I decided I should. That made the slices look like noodles, but I still couldn’t get them to slice into long strands. The tool just felt wrong, completely unlike a pen, which feels comforting in my hands — in fact, I even hold one while delivering a class lecture just to feel at ease. Maybe I should try holding one while I cook, too.
I sliced through most of my two pounds of zucchini, then decided I’d probably done enough. Jason was, thankfully, manning the food processor—another kitchen tool that never failed to baffle me- for the pesto sauce.
“Do we just drop all the basil in, or do we have to trim the ends first?”
“Is that all the garlic we have? I don’t think that’ll be enough.”
“The recipe calls for what? ‘A quart of oil olive, or as much as will fit’? What the hell is that?”
In the end, we did trim the basil stems, we had no choice but to only use six cloves of garlic (the recipe called for 2-10, which seems like an incredibly big range), and we only added maybe a cup of olive oil. All the ingredients swirled around with the high-pitched whine of the food processors, transforming into a bright green paste.
I dipped my finger in. It tasted lovely, like satin and velevet.
My zucchini noodles, on the other hand, were not faring so well. We didn’t really have a recipe for how to make them, but Jason guessed that, based on another recipe in Against All Grain, they’d need maybe five to eight minutes in boiling water. I did that, but when I drained them through the wire colander, they instantly turned to mush.
“Noodles” Note how they were supposed to look in the picture behind.
I plopped the gob of zucchini into a glass bowl and sighed.

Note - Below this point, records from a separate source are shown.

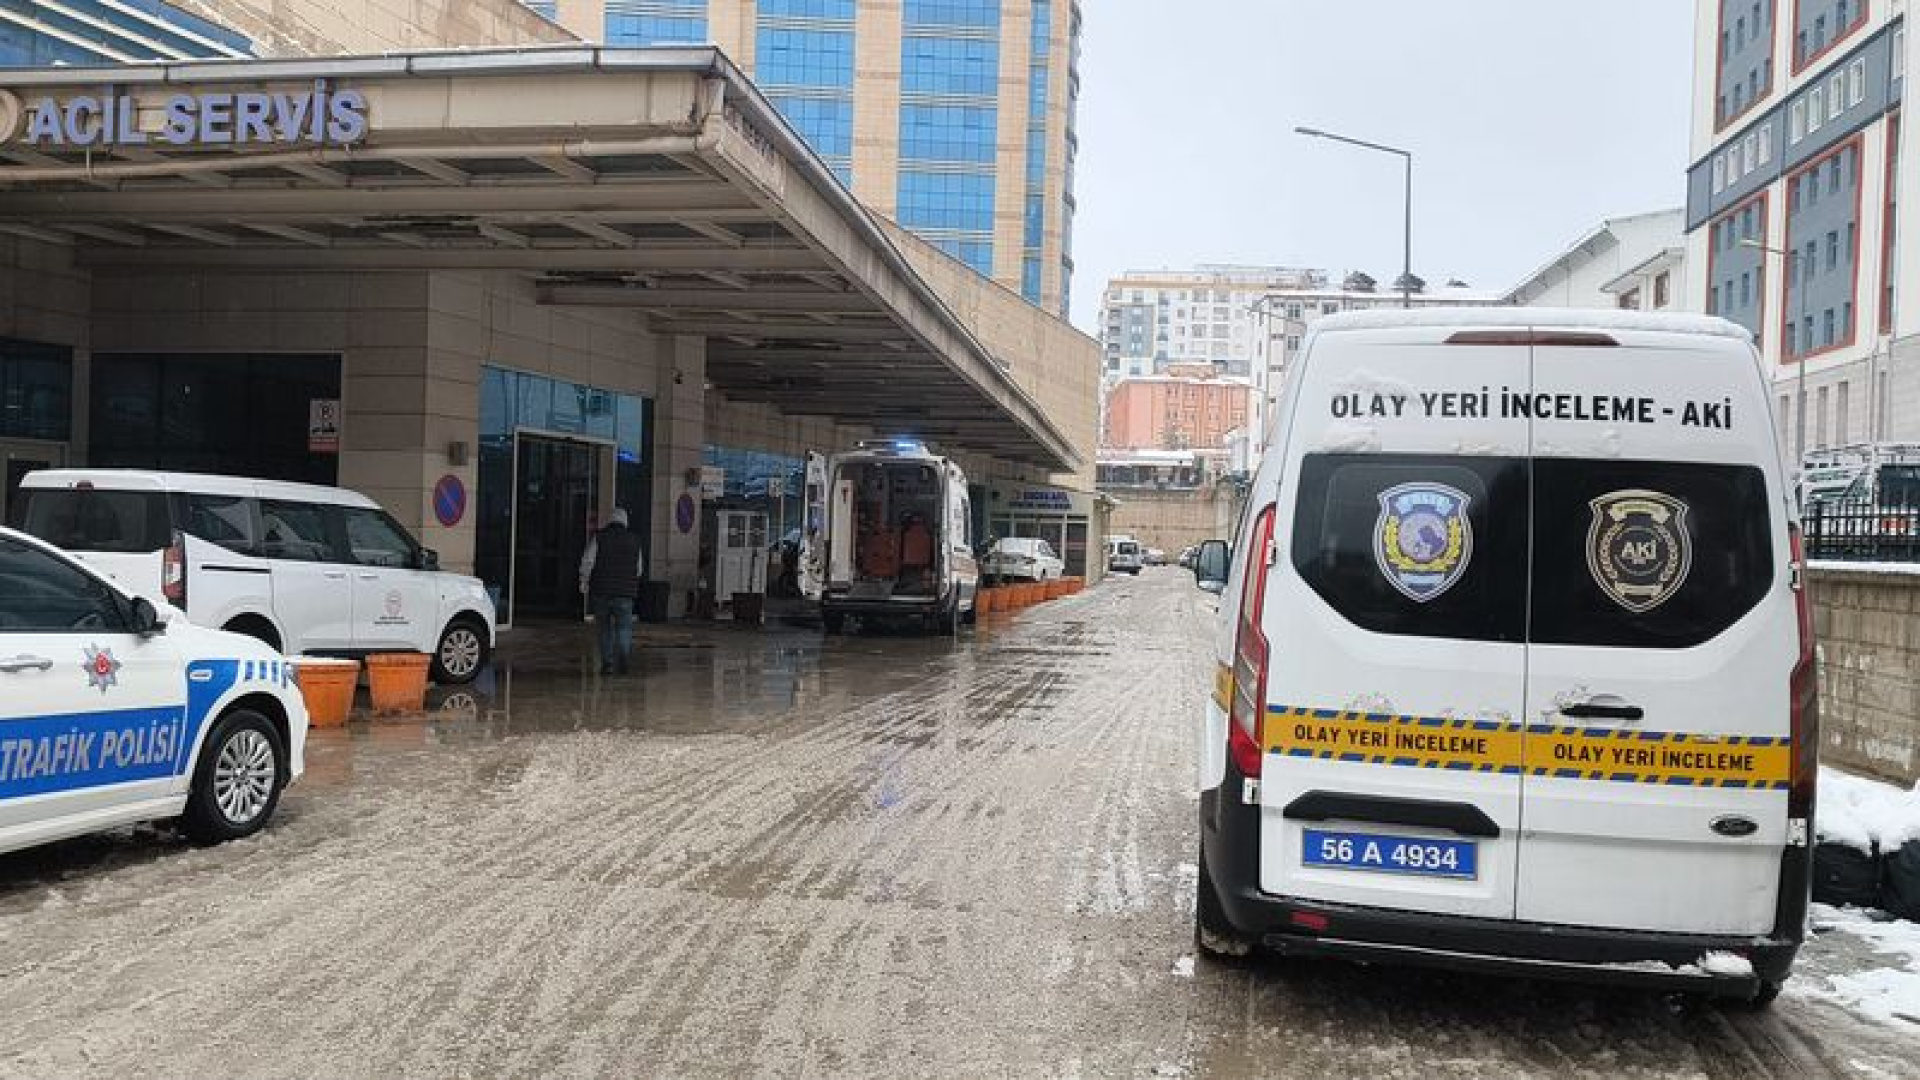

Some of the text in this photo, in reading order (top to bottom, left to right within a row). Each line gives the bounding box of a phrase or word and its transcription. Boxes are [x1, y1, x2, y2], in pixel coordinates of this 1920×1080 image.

[29, 78, 369, 145] ACİL SERVİS
[1331, 393, 1406, 418] OLAY
[1420, 386, 1489, 418] YERİ
[1502, 386, 1654, 423] İNCELEME
[1681, 397, 1731, 430] AKİ
[1621, 540, 1657, 560] AKİ
[0, 718, 178, 781] TRAFİK POLİSİ
[1294, 724, 1488, 755] OLAY YERİ İNCELEME
[1554, 743, 1756, 772] OLAY YERİ İNCELEME
[1321, 838, 1460, 871] 56 A 4934

It looked like pale green pudding – far, far from anything resembling noodles.
But—maybe because I’d spent all day writing, maybe because Logan’s had two rock star days in a row, maybe because Sadie was at the moment happily distracted—I was not deterred. I simply mixed in a few spoonfuls of pesto sauce and retrieved the now-cooked chicken from the stock Jason had been making. I spread the sauce over it and declared the meal a victory anyway.
The kids even ate it, though Logan had to be coaxed to do so. In fact, he had to be coaxed to eat everything, including his chicken, cabbage and carrots. Despite my satisfied attitude while cooking, I soon fell apart.
“Logan! EAT!” I cried as the night wore on and Logan babbled baby talk, pushed his fork through the air and pressed it to his face, then traced the faint circles around and around on his plate.. “Please take one bite!”
“No, Sadie, do not get up from this table again. If you do, you’re going in your bed. It’s not play time.”
Logan stimmed all through the meal, taking bites only after three or four prompts from me. He screamed when I set the timer, telling him he had to clean his plate before it went off or he wouldn’t get a treat before bed. This tactic had worked a few months ago for awhile, but lately, it’s seemed to be more stressful on him than motivating. But on nights like these, it seems to be the only thing that works to get him to eat.
Instead of eating, Logan is spending most of supper tracing the circles on his plate.
It worked tonight, too, but his distracted/defiant/restless mood continued. He simply could not sit still while I read books to the kids, and a stream of baby talk and extreme silliness seemed to just bubble out of him. He reminded me of a pot of boiling water with the cover rattling on top, barely able to contain the steam struggling to escape.
“Logan, if you can’t have a quiet body, we’ll be done with books and go to bed,” I warned him. I warned him several times, in fact—then finally, I had to follow through with it. “That’s it!” I cried. “You’re not having a quiet body. Get in your bed. Now!”
“I WILL have a quiet body!” he cried. “I WILL!”
“Logan, you’ve said that for the past six times. You will have a quiet body tomorrow. But right now, there have to be consequences!”
He screamed and cried and kicked, his body thrashing all over his mattress. I felt awful, but I felt like I was exploding, too. Why can’t he contain his energy? No matter if he’s angry or excited, he’s always like that boiling water pot, bursting with hot emotions.
“What is going on with him?” I asked Jason when the kids finally fell asleep an hour later.
“Did you see his ears?” he replied. “Fire red.”